Sul fronte interno, la ministra della Giustizia Márta Görög ha annunciato la revisione delle leggi che limitano l’accesso ai contenuti per le persone LGTBIQ+, dichiarate dal Tribunale dell’Unione Europea in contrasto con il diritto comunitario. È un passo concreto per sbloccare i fondi europei congelati a causa delle derive illiberali di Orbán. Secondo gli osservatori di Budapest, Magyar cerca di riequilibrare il profilo del paese senza però alienare del tutto l’elettorato conservatore: una linea sottile, che sarà messa alla prova nei prossimi mesi.
L’avvicendamento apre uno scenario inedito per l’Europa. Da una parte, Bruxelles intravede la possibilità di recuperare un partner strategico nel cuore del continente, finora ostaggio di veti e provocazioni. Dall’altra, il nuovo esecutivo deve dimostrare di saper governare senza cadere nelle tentazioni populiste che hanno segnato l’epoca precedente. Se la transizione reggerà, l’Ungheria potrebbe diventare un banco di prova per un’alternativa credibile al modello sovranista, con implicazioni che vanno ben oltre i confini magiari.

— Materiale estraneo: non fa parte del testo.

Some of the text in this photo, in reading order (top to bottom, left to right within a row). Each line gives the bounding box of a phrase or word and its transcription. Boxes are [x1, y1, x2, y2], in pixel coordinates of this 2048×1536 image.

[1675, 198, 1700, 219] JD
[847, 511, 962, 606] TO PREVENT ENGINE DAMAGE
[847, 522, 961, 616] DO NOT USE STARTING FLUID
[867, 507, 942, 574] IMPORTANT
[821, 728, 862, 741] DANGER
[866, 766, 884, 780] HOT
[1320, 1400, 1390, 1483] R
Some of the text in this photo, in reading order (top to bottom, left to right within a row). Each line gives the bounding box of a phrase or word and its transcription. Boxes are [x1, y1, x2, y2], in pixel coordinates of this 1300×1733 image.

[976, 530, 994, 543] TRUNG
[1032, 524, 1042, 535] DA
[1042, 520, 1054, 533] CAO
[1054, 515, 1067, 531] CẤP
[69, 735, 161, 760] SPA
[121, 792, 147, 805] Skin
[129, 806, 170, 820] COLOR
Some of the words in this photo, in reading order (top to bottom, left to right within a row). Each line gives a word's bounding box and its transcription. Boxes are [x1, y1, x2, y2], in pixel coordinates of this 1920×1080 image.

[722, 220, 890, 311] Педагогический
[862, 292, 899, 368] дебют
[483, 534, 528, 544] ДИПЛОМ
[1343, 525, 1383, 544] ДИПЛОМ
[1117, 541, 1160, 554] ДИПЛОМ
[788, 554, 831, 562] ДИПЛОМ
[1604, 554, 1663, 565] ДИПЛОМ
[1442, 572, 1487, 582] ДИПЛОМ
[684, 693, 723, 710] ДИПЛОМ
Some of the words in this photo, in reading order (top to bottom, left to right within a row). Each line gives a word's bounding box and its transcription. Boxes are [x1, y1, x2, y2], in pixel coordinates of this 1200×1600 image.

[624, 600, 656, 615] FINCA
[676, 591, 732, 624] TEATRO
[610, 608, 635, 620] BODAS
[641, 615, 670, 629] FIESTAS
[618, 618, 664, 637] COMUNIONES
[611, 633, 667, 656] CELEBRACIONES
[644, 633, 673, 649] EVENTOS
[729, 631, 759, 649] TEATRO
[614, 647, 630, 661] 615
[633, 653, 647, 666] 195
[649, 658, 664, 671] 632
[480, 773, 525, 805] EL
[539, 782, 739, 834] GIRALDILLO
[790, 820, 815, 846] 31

| Stampa russa e CSI | −0.40 | critical |
|---|---|---|
| Stampa europea continentale | +0.60 | aligned |
La stampa russa descrive il nuovo governo ungherese con toni distaccati, sottolineando le tensioni cerimoniali come il rifiuto dei ministri di farsi fotografare con il presidente. L’enfasi è sulla continuità formale del passaggio di potere, senza giudizi espliciti sulla svolta europeista, ma con un implicito scetticismo verso la rottura con l’eredità di Orbán.
La stampa europea continentale celebra la svolta filo-UE del nuovo governo ungherese, sottolineando il contrasto tra la nuova ministra degli Esteri, critica verso Mosca, e il suo predecessore filorusso. Viene evidenziata la revisione delle leggi anti-LGBTQI+ per sbloccare i fondi comunitari, inquadrando il cambiamento come una vittoria della legalità europea e un passo strategico per il futuro del paese.